Every few days, we will be publishing layman’s abstracts of new articles from our prestigious portfolio of journals in statistics. The aim is to highlight the latest research to a broader audience in an accessible format.
The article featured today is from Applied Stochastic Models in Business and Industry, with the full article now available to read in issue 36:4 here.
Alkaff, A, Qomarudin, MN. Modeling and analysis of system reliability using phase‐type distribution closure properties. Appl Stochastic Models Bus Ind. 2020; 1– 22. doi: 10.1002/asmb.2509
Reliable systems are everyday life’s necessities: reliable products, reliable machines, reliable services, etc.; hence, reliability is an important consideration in systems design. Design for reliability involves modeling and analysis of a system as an attempt to estimate, predict, and optimize reliability measures of the system. It is important for system’s operationability and maintainability. The model represents the relationship between system reliability and its components reliability through the system structure.

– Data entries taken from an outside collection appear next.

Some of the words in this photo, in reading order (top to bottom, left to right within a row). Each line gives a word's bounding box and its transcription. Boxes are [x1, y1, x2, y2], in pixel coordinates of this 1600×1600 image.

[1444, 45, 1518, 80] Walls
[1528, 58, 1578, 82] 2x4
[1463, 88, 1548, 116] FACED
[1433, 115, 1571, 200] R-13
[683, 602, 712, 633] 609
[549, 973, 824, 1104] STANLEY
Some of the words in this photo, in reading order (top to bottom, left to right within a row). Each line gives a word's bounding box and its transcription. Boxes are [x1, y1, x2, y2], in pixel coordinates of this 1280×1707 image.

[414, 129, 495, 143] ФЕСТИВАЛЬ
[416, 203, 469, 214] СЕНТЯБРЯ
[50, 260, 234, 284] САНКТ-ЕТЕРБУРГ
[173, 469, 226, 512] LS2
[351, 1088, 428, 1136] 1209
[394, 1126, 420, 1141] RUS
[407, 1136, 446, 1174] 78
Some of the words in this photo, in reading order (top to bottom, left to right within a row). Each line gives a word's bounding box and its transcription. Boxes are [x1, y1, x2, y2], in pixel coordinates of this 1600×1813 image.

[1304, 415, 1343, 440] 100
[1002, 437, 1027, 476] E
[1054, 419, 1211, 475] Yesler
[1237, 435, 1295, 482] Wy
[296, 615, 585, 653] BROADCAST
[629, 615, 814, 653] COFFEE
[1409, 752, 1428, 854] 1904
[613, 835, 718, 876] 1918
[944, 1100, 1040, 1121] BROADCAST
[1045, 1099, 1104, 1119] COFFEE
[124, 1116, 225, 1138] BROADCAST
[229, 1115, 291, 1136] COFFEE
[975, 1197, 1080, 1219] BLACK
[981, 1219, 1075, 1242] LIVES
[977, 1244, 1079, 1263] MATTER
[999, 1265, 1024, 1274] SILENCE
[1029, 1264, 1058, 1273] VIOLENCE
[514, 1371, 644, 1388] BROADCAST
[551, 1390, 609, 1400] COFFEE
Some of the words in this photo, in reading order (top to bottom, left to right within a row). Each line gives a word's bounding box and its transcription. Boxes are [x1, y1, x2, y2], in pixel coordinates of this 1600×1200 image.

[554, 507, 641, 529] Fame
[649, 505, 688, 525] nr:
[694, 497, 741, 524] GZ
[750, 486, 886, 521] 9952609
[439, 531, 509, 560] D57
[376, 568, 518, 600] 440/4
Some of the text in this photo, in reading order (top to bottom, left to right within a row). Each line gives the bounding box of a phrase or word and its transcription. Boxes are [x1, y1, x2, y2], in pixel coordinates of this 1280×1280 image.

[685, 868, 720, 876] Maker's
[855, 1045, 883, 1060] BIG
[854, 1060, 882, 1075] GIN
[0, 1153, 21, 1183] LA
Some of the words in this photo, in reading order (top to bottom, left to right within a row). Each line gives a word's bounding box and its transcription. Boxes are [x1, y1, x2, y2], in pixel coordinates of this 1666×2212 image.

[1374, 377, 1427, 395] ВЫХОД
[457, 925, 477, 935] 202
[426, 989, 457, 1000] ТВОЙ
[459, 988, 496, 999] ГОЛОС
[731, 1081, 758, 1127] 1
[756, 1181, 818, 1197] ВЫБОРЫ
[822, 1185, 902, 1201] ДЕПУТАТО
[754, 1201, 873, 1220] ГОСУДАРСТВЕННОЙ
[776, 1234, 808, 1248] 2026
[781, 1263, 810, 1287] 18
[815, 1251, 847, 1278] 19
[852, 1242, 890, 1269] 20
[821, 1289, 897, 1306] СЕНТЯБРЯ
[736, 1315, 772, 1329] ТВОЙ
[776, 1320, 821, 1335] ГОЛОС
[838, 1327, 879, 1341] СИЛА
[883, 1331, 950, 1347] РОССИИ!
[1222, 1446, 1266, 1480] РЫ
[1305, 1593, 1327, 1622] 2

Due to systems’ large structure involving many components, the analysis requires computer software. The available analytical methods in computerized system reliability analysis is for calculating the system reliability value from its components’ reliability values. However, it is not sufficient. Ideally, the analysis should mathematically express the system reliability function, which measures how reliability value decays over time, as a function of its components reliability functions. Once it is obtained, other reliability measures can be calculated easily. Unfortunately, to achieve this ideal objective using currently available formulas and methods requires tedious manual calculations or complicated computerized symbolic processing.
This paper proposes an exact analytical method readily implementable as computer programs for generating the system reliability function directly from its components reliability functions and the system structure using only matrix algebra. The method also can directly estimate how the system’s failure rate increases over time (hazard function) and predict how long the system is expected to last (mean time to failure with its confidence interval). The idea is assuming that components’ reliability functions have independent non-identical phase-type (PH) distribution and employs closure properties of such a distribution. This assumption does not prevent the method to be used for more popular distributions in reliability analysis, such as Weibull or lognormal, since all distributions eventually converge to PH distribution. In addition, PH distribution makes the method applicable for multi-state reliability analysis, i.e., may include states other than good and failed as commonly assumed.
The authors derived algorithms for all basic system structures and provide their application for a general system structure. For practical purposes, the algorithms and application are implemented as MATLAB programs whose source codes is available in the journal’s website. The results of this study are fundamental and simple to make them suitable as course materials on system reliability.